As reações de alguns ministros do Supremo são encaradas no núcleo de poder que gravita em torno de Bolsonaro como manobras destinadas a favorecer adversários políticos de Bolsonaro, principalmente tucanos e petistas. O ministro Alexandre de Moraes, como informou a revista “Veja”, é tachado de tentáculo do PSDB dentro do Supremo porque, com suas decisões, deu poderes a governadores e a prefeitos para lidar com a pandemia e suspendeu a indicação de Ramagem para a PF. Na função de relator do inquérito das fake news, Moraes teria como objetivo apresentar os filhos do presidente como os chefes de um esquema criminoso, conforme a versão que circula no entorno de Bolsonaro. Um outro ministro, Gilmar Mendes, é mal visto porque em plena crise voltou a debater com parlamentares a adoção do regime semipresidencialista, que reduz os poderes do presidente da República.
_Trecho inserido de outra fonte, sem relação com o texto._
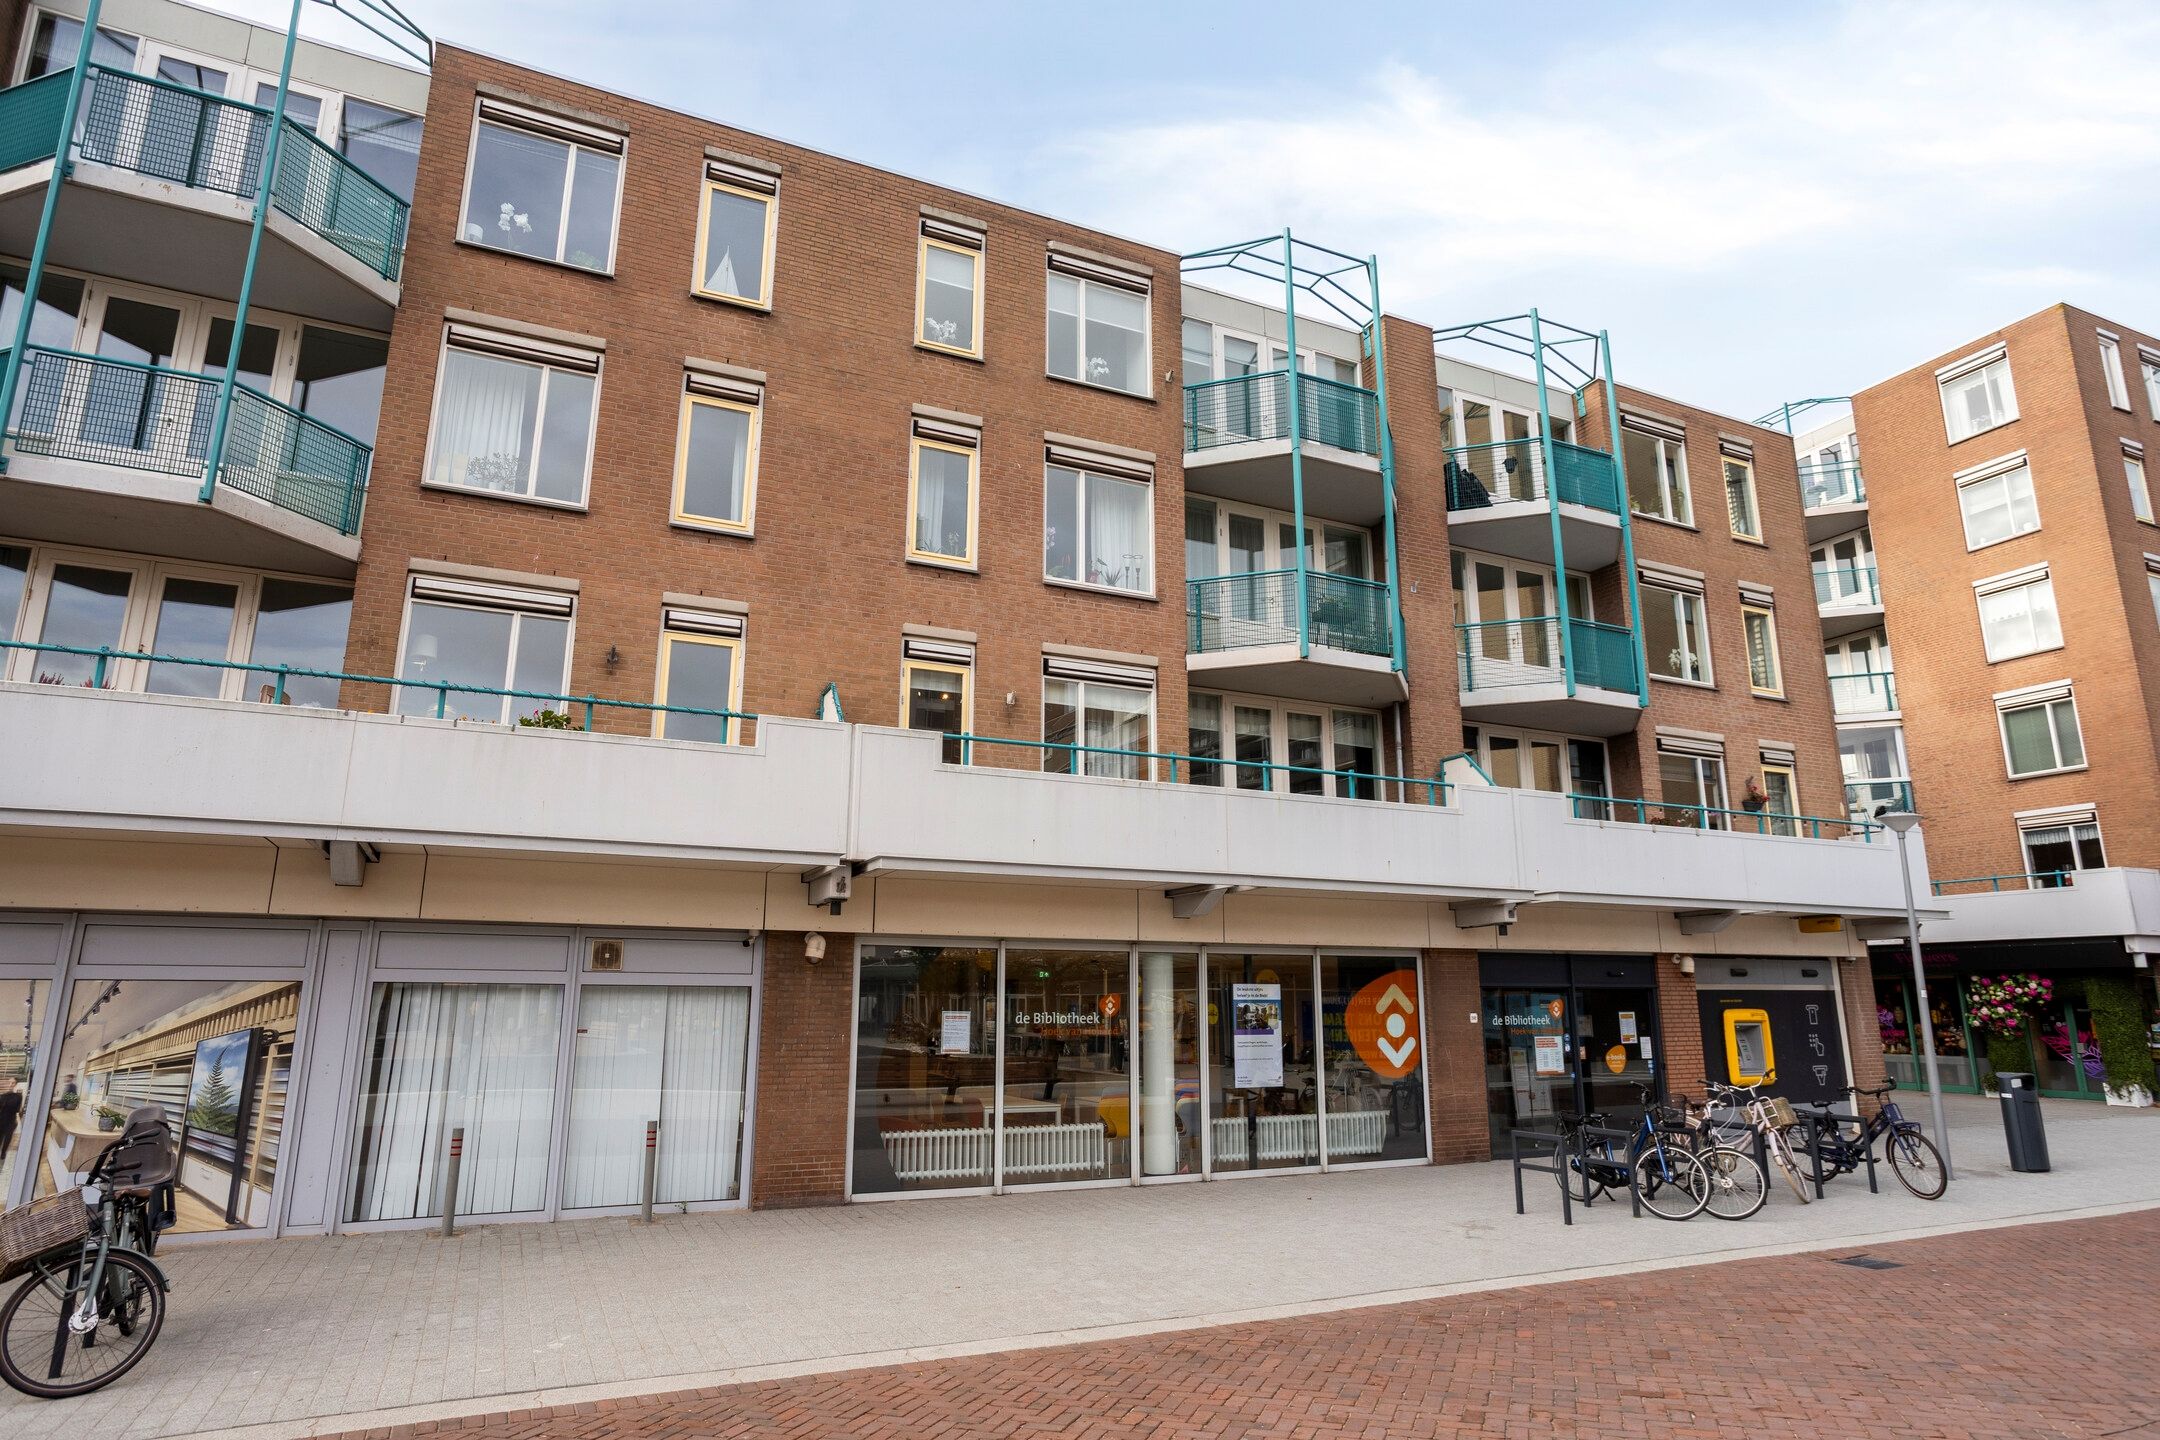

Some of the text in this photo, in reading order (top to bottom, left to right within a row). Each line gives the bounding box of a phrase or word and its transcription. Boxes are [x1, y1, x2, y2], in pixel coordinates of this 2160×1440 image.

[1015, 1011, 1100, 1024] de Bibliotheek
[1492, 1014, 1551, 1025] de Bibliotheek
[1511, 1027, 1526, 1035] Hoek
Também se tornou um crítico das manifestações de rua a favor do governo e é igualmente apelidado de tucano por ter sido indicado para a Corte por Fernando Henrique Cardoso.
Bolsonaro vê fantasmas em todos os lugares, até na sua intimidade dentro do Palácio do Planalto. Tem insistido, em conversas pontuais com interlocutores de confiança, em desfiar teorias conspiratórias que são montadas periodicamente para provocar um impeachment seu à frente da Presidência da República. O presidente está descompensado porque não pôde viabilizar promessas demagógicas formuladas quando candidato nem está se credenciando a obter espaços para pleitear uma reeleição. Esse tipo de preocupação não é típica do Supremo. Que, por se limitar a cumprir a lei e acatar a Constituição, impede Bolsonaro de vitoriar no projeto de ser um ditador, que é o que ele almeja de verdade e não tem a coragem de confessar. A democracia, obviamente, agradece quando o Supremo age em sua defesa.